For nearly a century, ‘Justine’ lay dormant in the Royal Ontario Museum (ROM). But last month, thanks to Western researcher Andrew Nelson, the Egyptian mummy came to life – as a singer named Nefret-Mut.
“When we work with a mummy or skeleton, we are interested in telling a story of that person’s life – we call it their ‘osteobiography,’” said Nelson, an Anthropology professor and associate dean of research and operations in the Faculty of Social Science.
“Normally, we start looking at the bones, asking are they male? Female? Adult? Kid? How old? Did they have diseases? Trauma? We can get a broader picture of what their life was like, and, by extension, say what life was like for people around them, so we can put the physical person into a social context,” he continued.
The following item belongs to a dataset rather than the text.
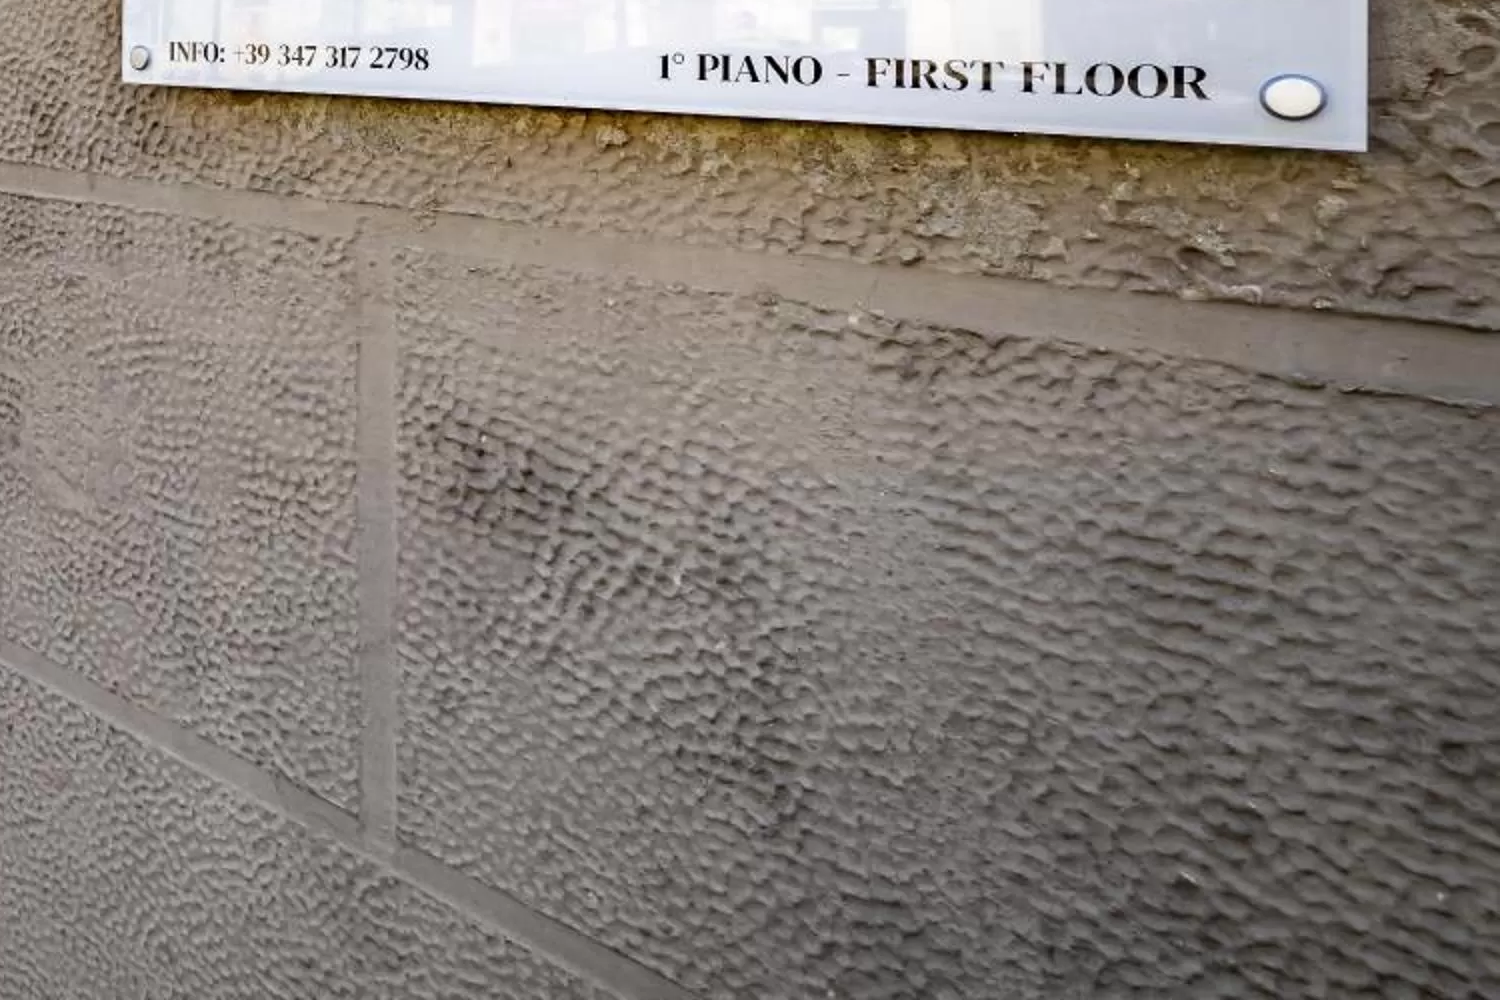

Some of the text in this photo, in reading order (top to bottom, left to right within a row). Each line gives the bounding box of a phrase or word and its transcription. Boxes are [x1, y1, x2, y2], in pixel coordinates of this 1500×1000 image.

Getting acquainted with mummies over the years has likewise included attempts at facial reconstruction, but knowing a mummy’s name or profession would be the best of clues and allow for the greatest extrapolations, Nelson continued.
“If we know, like in this case, that she’s a chantress in the Temple of Amun-Re, it is another sort of level of bringing her to life, which is what we are trying to do,” he noted.
Excavated in the early 1900s, Justine came to the ROM, by way of Charles Trick Currelly, its first curator. The mummy is part of the museum’s world-renowned Egypt collection.
Some of Justine’s past had previously been uncovered by computerized tomography (CT) scans. Her internal organs had been removed, and she had been mummified. Her tongue had also been taken – a practice not consistent with mummification. Early Egyptians believed they would need their tongue to introduce themselves in the after life.
At the time of her excavation, two coffins and at least one mummy were found at the site, Nelson explained. The coffins and mummy were brought to the ROM by Trick Currelly, and placed on display – though not together. It was not clear which coffin belonged to the mummy.
“In 2007, I borrowed the mummy and two child mummies (from the ROM) for an extended CT project and we initiated the osteobiography. At that point, it was assumed one of the mummies belonged to a priest, so it would have been a male, because that would have been a traditionally male role,” Nelson continued.
A closer look, however, revealed the mummy was female, probably in her late 20s or early 30s at the time of death. She had no obvious ailments and was shorter than average for ancient Egyptians, standing just under 5 feet.
“All of our expectations were gone. We started anew,” Nelson said.
It wasn’t until Nelson was getting ready to give a talk last month at THEMUSEUM in Kitchener, where Justine is on display until February, that her real name and former identity came to light. And that happened by chance.
In some back-and-forth emails with colleague Gayle Gibson, an Egyptologist who teaches at the ROM, Nelson prodded to see if there were any clues linking Justine to one of the coffins that were part of her excavation.
Gibson went back to take a closer look. With the help of a ROM technician, who photographed the coffins, Gibson discovered one featured scrawled messy hieroglyphics, which revealed the name Nefret-Mut, which means, “beautiful one of the goddess Mut.”
Justine, it was revealed, was a ‘chantress’ or a singer-musician of the Temple of Amun-Re in the city of Thebes in ancient Egypt, 3,000 years ago.
Knowing all this makes her a special mummy, Nelson noted.
“We now had the actual name, now we knew who she was,” he said, noting of the hundreds of mummies sitting in museums, only 20 per cent have an identity and a story to go with.
This discovery is part of Nelson’s work on a worldwide database of mummy studies, funded by the Social Sciences and Humanities Research Council’s Digging Into Data Challenge.